DIMON: Learning Solution Operators of Partial Differential Equations on a Diffeomorphic Family of Domains
Minglang Yin, Nicolas Charon, Ryan Brody, Lu Lu, Natalia Trayanova, Mauro Maggioni
TL;DR
DIMON tackles the computational bottleneck of solving PDEs on multiple domains by learning a latent operator on a fixed reference domain and transporting inputs across a family of diffeomorphic domains via $\varphi_\theta$. It combines Large Deformation Diffeomorphic Mapping with neural operator networks (MIONet) to approximate a parameterized PDE operator $\mathcal{F}_0$ and then maps back to the original domain, supported by an extended universal approximation theorem. The framework is demonstrated on three problems—Laplace, reaction–diffusion, and patient-specific LV electrophysiology—achieving accurate predictions with substantial speedups over conventional solvers. DIMON offers a flexible, geometry-aware approach to fast PDE prediction on diffeomorphic domains with potential impact in engineering design and precision medicine, while acknowledging limitations such as transporting only scalar fields and the need for further convergence analysis.
Abstract
The solution of a PDE over varying initial/boundary conditions on multiple domains is needed in a wide variety of applications, but it is computationally expensive if the solution is computed de novo whenever the initial/boundary conditions of the domain change.
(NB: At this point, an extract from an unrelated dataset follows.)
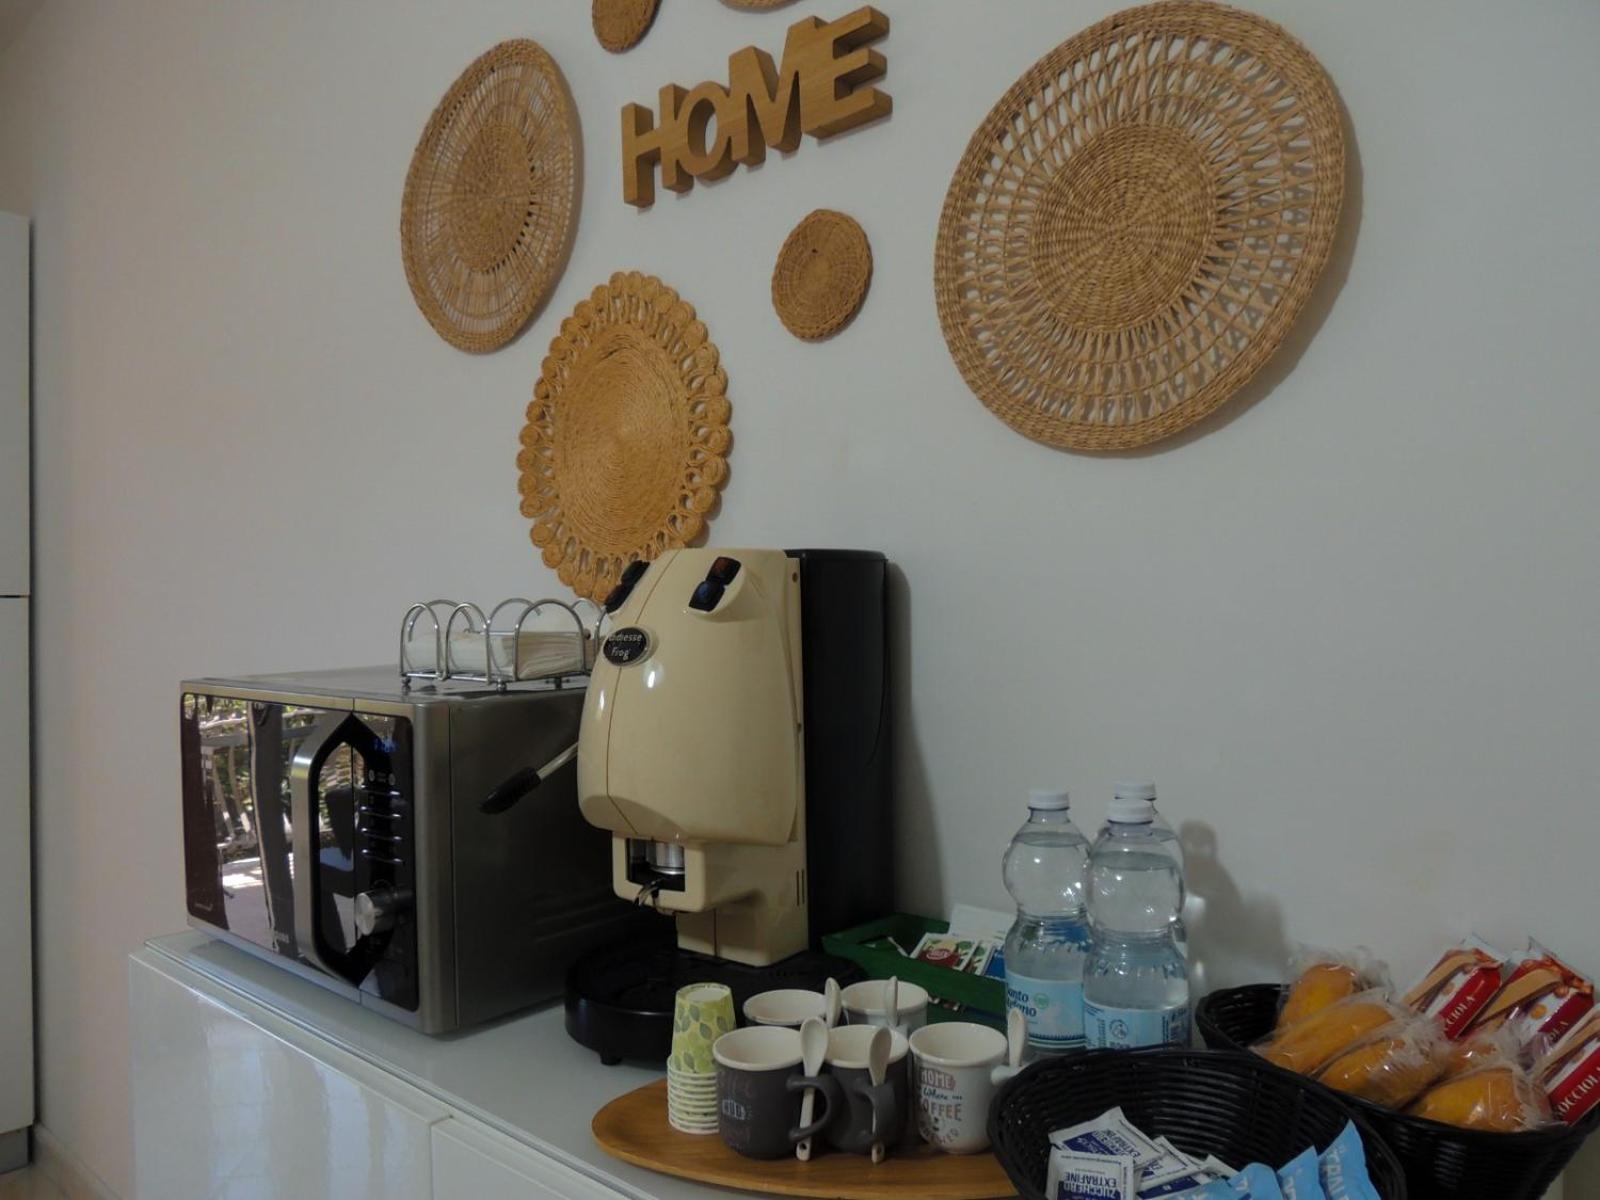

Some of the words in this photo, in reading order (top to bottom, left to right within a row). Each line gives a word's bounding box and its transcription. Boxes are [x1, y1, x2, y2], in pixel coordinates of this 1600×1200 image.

We introduce a general operator learning framework, called DIffeomorphic Mapping Operator learNing (DIMON) to learn approximate PDE solutions over a family of domains $\{Ω_θ}_θ$, that learns the map from initial/boundary conditions and domain $Ω_θ$ to the solution of the PDE, or to specified functionals thereof. DIMON is based on transporting a given problem (initial/boundary conditions and domain $Ω_θ$) to a problem on a reference domain $Ω_{0}$, where training data from multiple problems is used to learn the map to the solution on $Ω_{0}$, which is then re-mapped to the original domain $Ω_θ$. We consider several problems to demonstrate the performance of the framework in learning both static and time-dependent PDEs on non-rigid geometries; these include solving the Laplace equation, reaction-diffusion equations, and a multiscale PDE that characterizes the electrical propagation on the left ventricle. This work paves the way toward the fast prediction of PDE solutions on a family of domains and the application of neural operators in engineering and precision medicine.